The bullet caught him in the chest, between two ribs, finding the one spot his armor didn't quite cover. Matt dropped the kid who shot him, then sat down heavily against a brick wall while the other two ran away screaming.

Mrs. Esperanza found him there twenty minutes later, blood pooling in the alley behind her store.

"Dios mío," she whispered, kneeling beside him. "Should I call an ambulance?"

Matt smiled, tasting copper. "Too late for that."

"Your family?"

"Don't have any."

She took his hand in both of hers. Her fingers were rough from a lifetime of work, but warm. "Everyone has family, mijo."

Matt closed his eyes and listened to Hell's Kitchen one last time. Sirens and shouting and babies crying and couples fighting and music drifting from apartment windows. The symphony of a city that never stopped moving, never stopped hoping, never stopped breaking hearts.

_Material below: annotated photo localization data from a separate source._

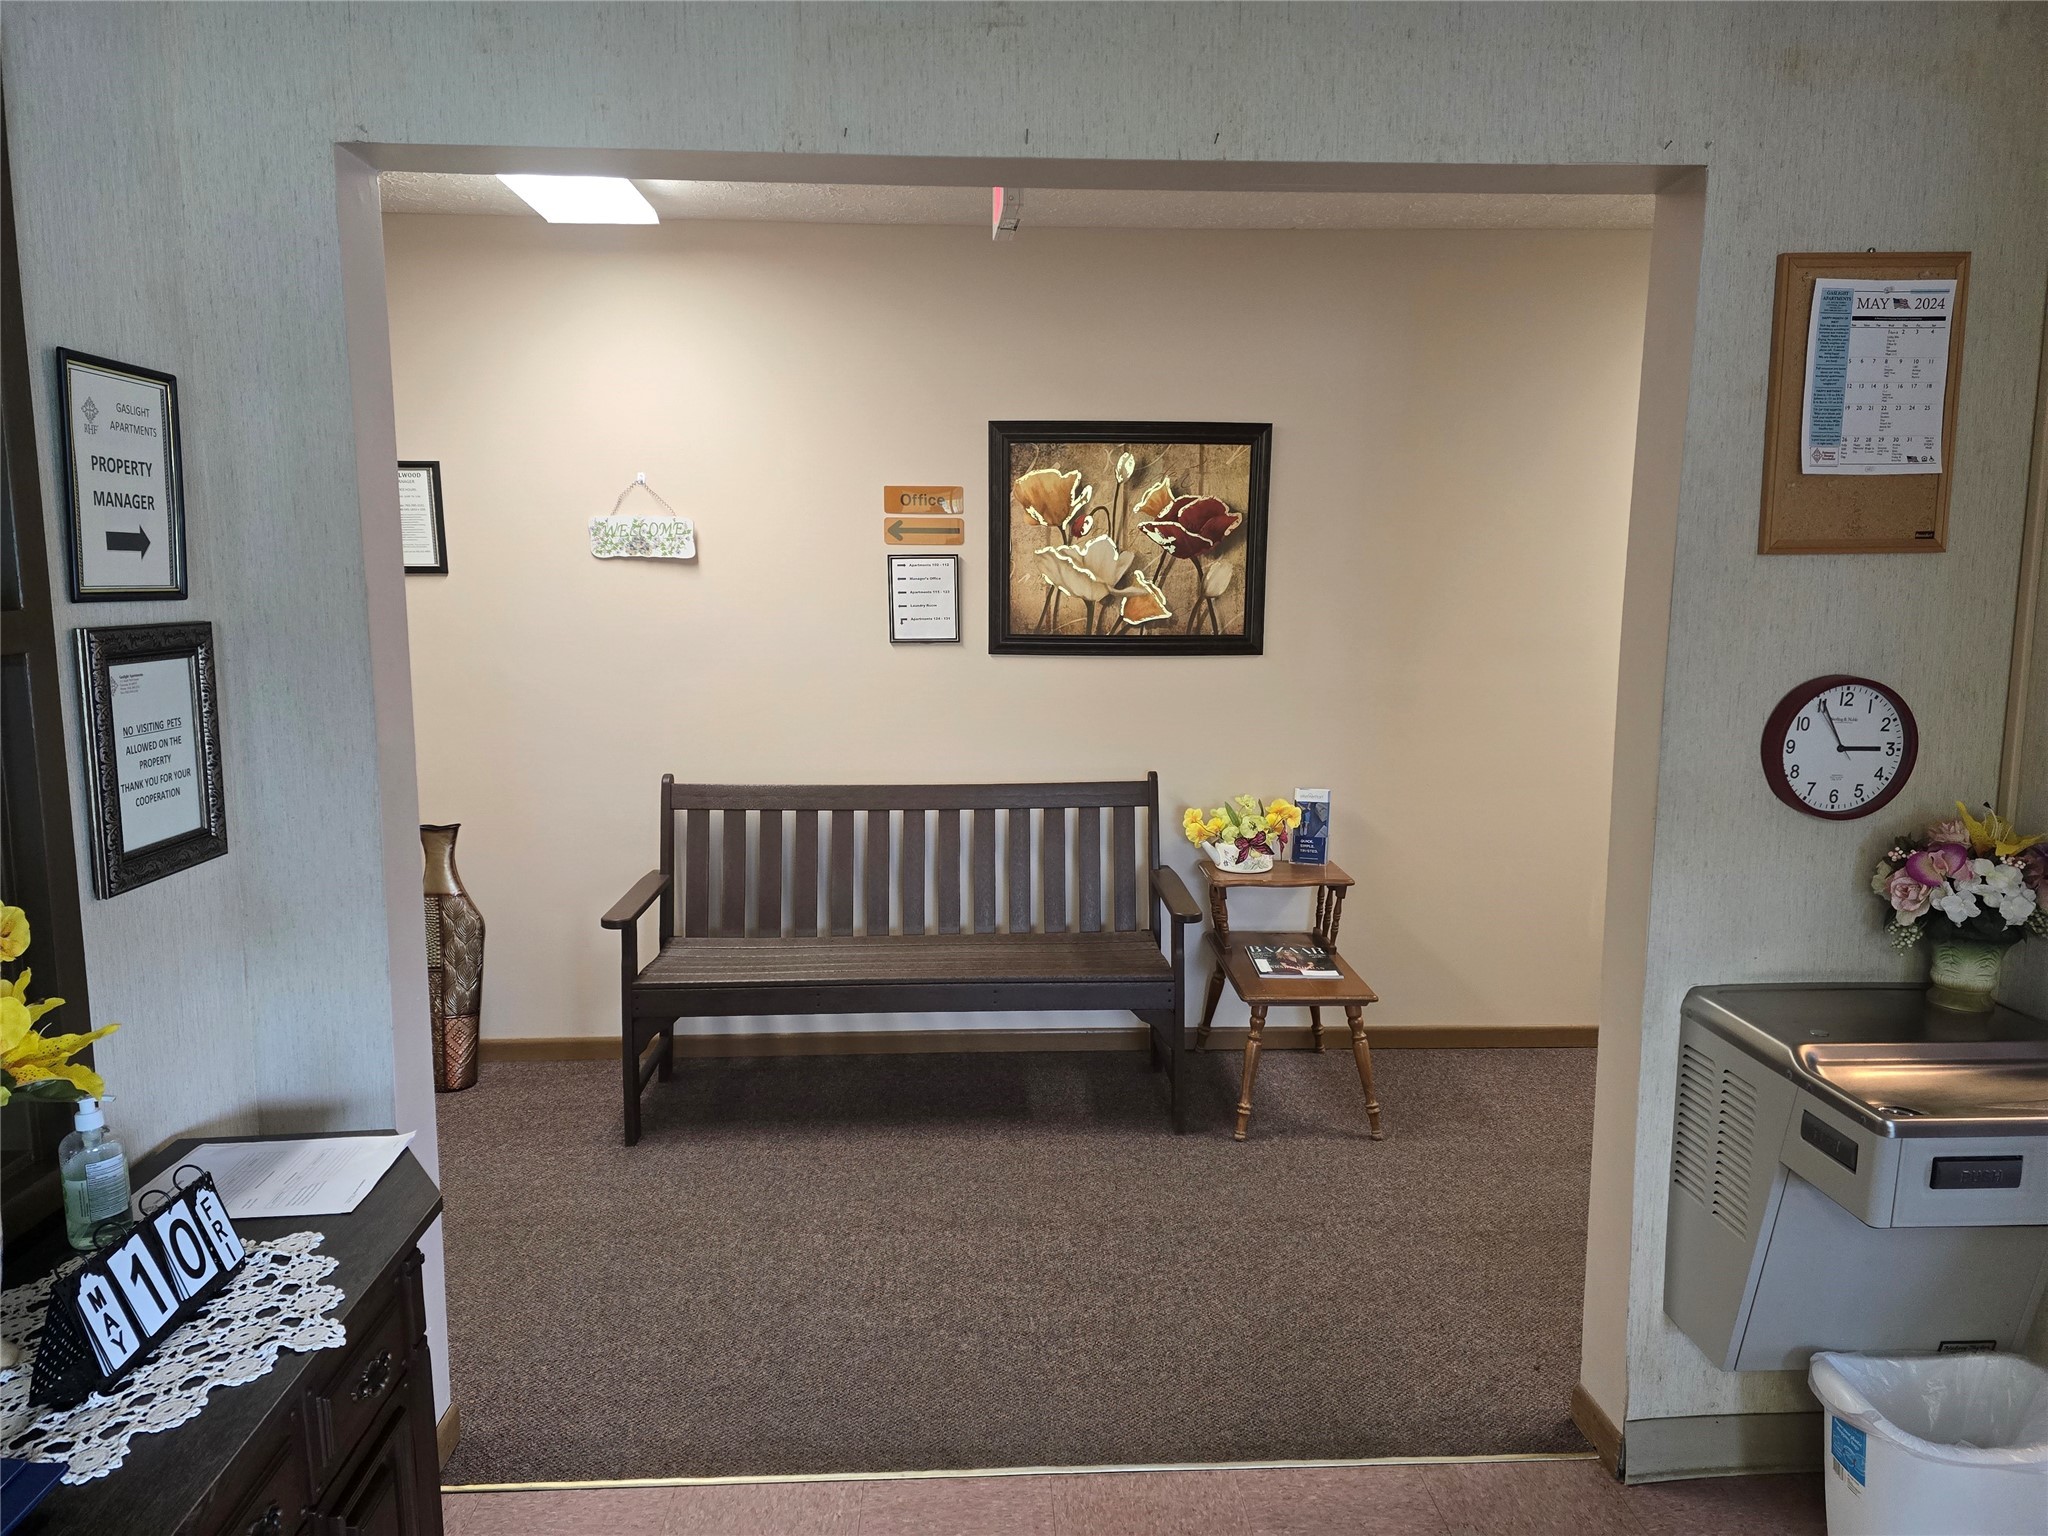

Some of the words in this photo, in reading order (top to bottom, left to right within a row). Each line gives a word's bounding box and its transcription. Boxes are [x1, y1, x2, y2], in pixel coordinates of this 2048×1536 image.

[1857, 297, 1890, 310] MAY
[1914, 297, 1946, 310] 2024
[116, 402, 150, 418] GASLIGHT
[110, 420, 157, 438] APARTMENTS
[90, 454, 152, 477] PROPERTY
[93, 490, 155, 511] MANAGER
[900, 493, 946, 506] Office
[602, 521, 685, 538] WELCOME
[1839, 692, 1855, 706] 12
[1868, 699, 1872, 714] 1
[122, 725, 134, 737] NO
[136, 720, 164, 735] VISITING
[166, 717, 182, 729] PETS
[1796, 716, 1810, 731] 10
[1880, 717, 1891, 732] 2
[125, 740, 157, 756] ALLOWED
[158, 738, 169, 749] ON
[170, 735, 182, 746] THE
[1786, 739, 1796, 754] 9
[1885, 742, 1895, 756] 3
[139, 754, 171, 770] PROPERTY
[1790, 764, 1800, 778] 8
[1874, 767, 1884, 781] 4
[120, 777, 144, 794] THANK
[144, 775, 159, 788] YOU
[160, 772, 173, 784] FOR
[174, 768, 191, 782] YOUR
[1807, 782, 1816, 796] 7
[1829, 789, 1839, 804] 6
[1854, 784, 1864, 798] 5
[135, 787, 181, 807] COOPERATION
[1248, 945, 1324, 954] BAZAAR
[90, 1286, 129, 1356] MAY
[200, 1196, 238, 1263] FRI
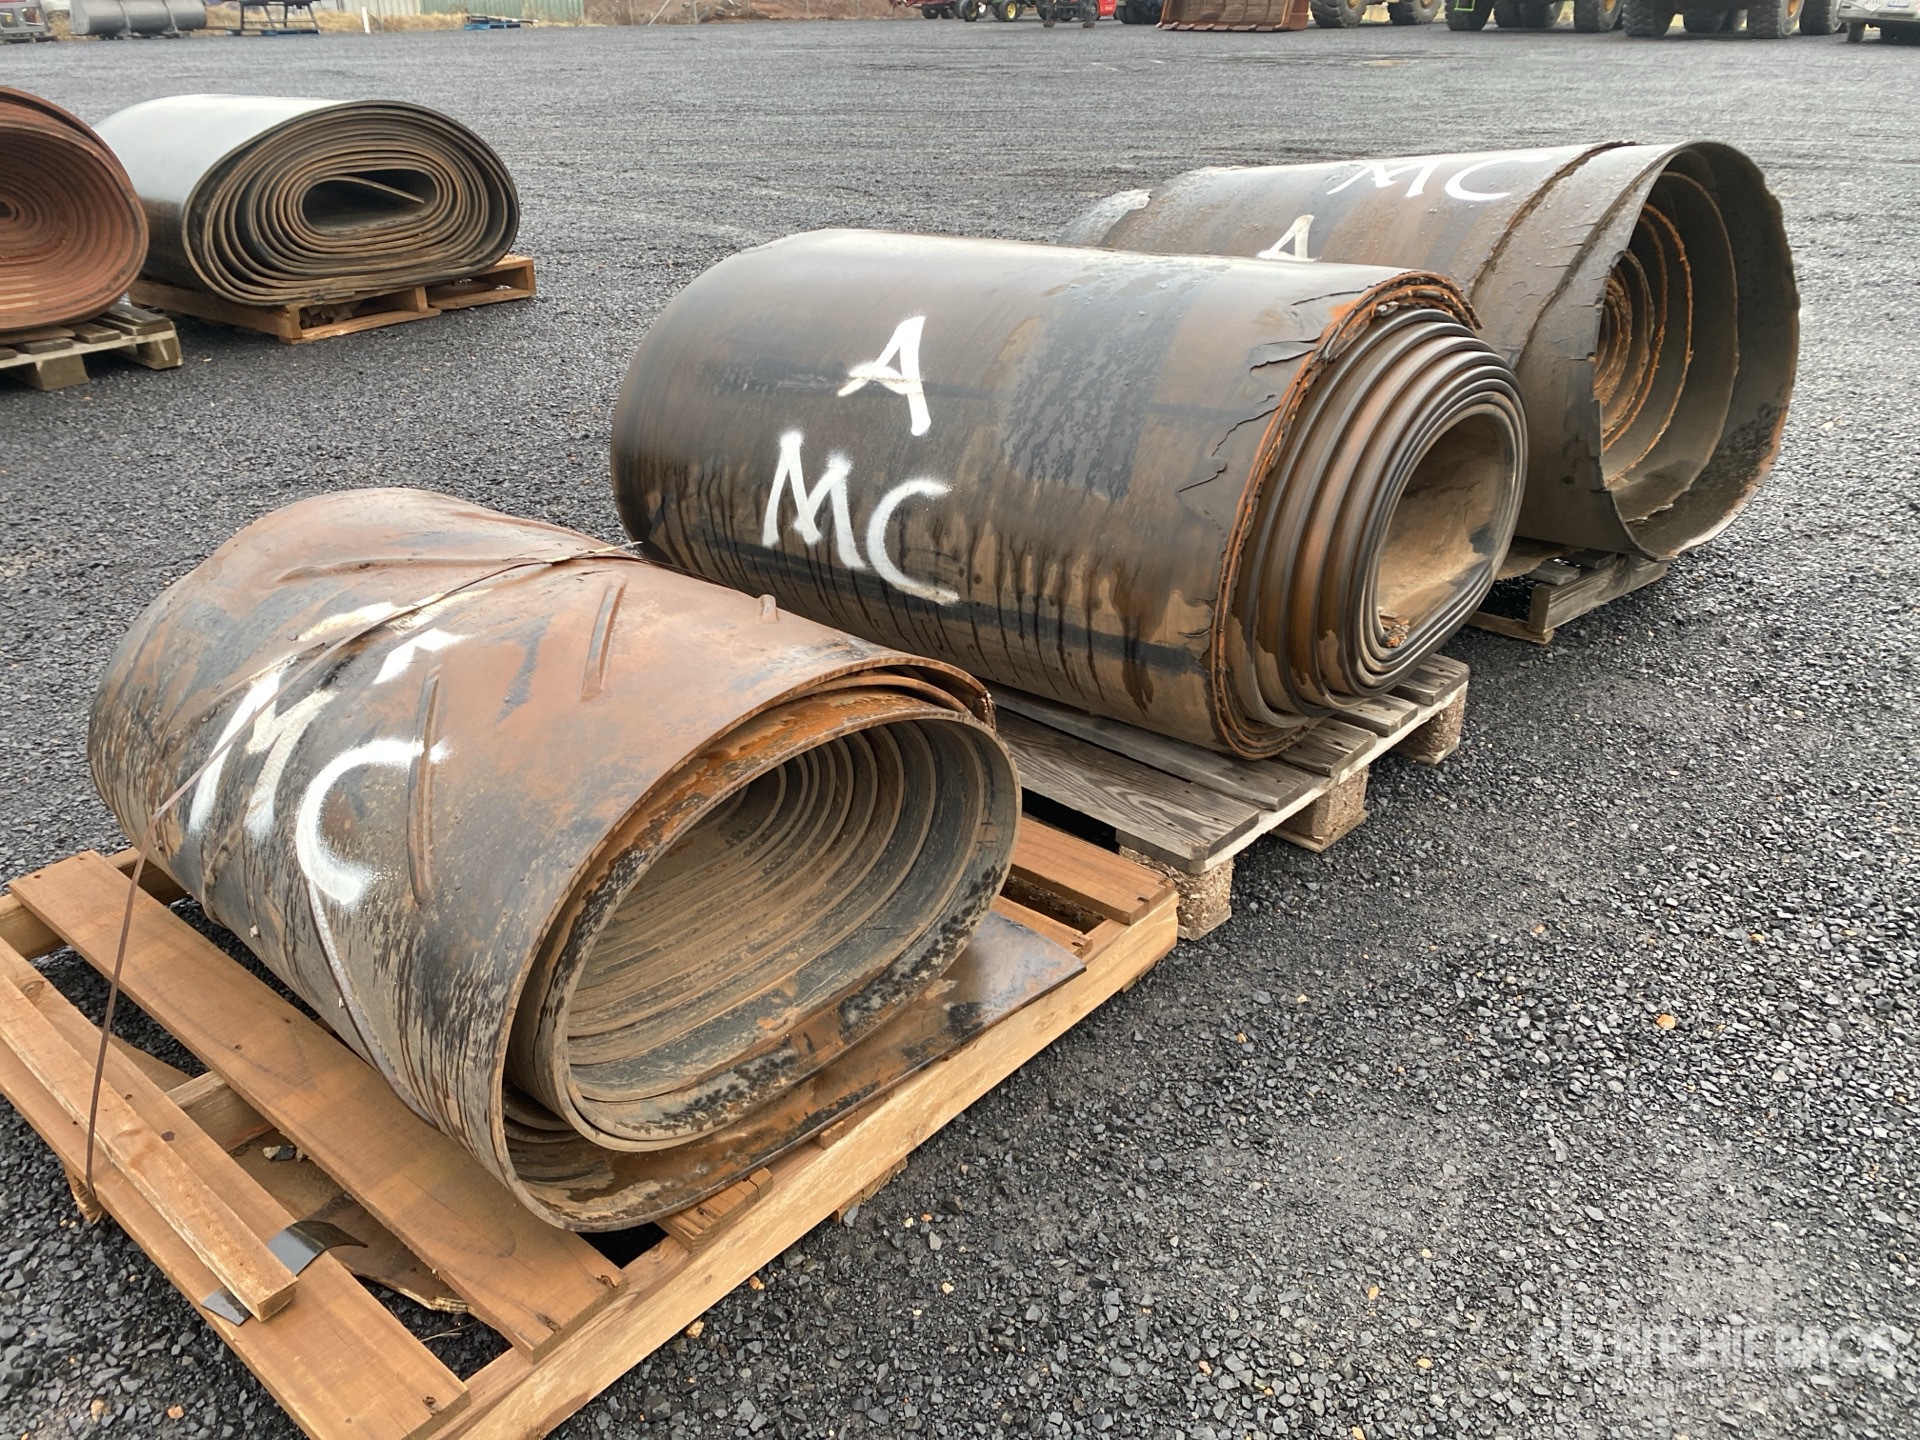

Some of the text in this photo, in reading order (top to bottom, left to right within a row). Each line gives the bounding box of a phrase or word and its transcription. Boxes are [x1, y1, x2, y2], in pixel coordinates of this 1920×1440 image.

He'd spent thirty years trying to save it, and maybe he had. Maybe those three kids would think twice before picking up guns again. Maybe Mrs. Esperanza would live to see her grandchildren grow up. Maybe that was enough.

Matthew Murdock died with his hand in a stranger's grip, listening to the heartbeat of a city he'd loved and lost and loved again.

And somewhere in a medical bay three thousand miles away, James Olsen's eyes snapped open to a world he could no longer see but suddenly understood better than he ever had before.

The machines around him were screaming alerts, but what James heard was Mrs. Esperanza's heartbeat, steady and strong. What he smelled was fear and antiseptic and something metallic that might have been his own blood.

What he felt was thirty years of pain and wisdom and brutal, necessary knowledge settling into his bones like it had always belonged there.

He tried to speak, to tell someone he was awake, but his throat felt like sandpaper. Instead, he just lay there and listened to the symphony of STAR Labs around him. Doctors running in the hallway, machines humming, someone crying in the room next door.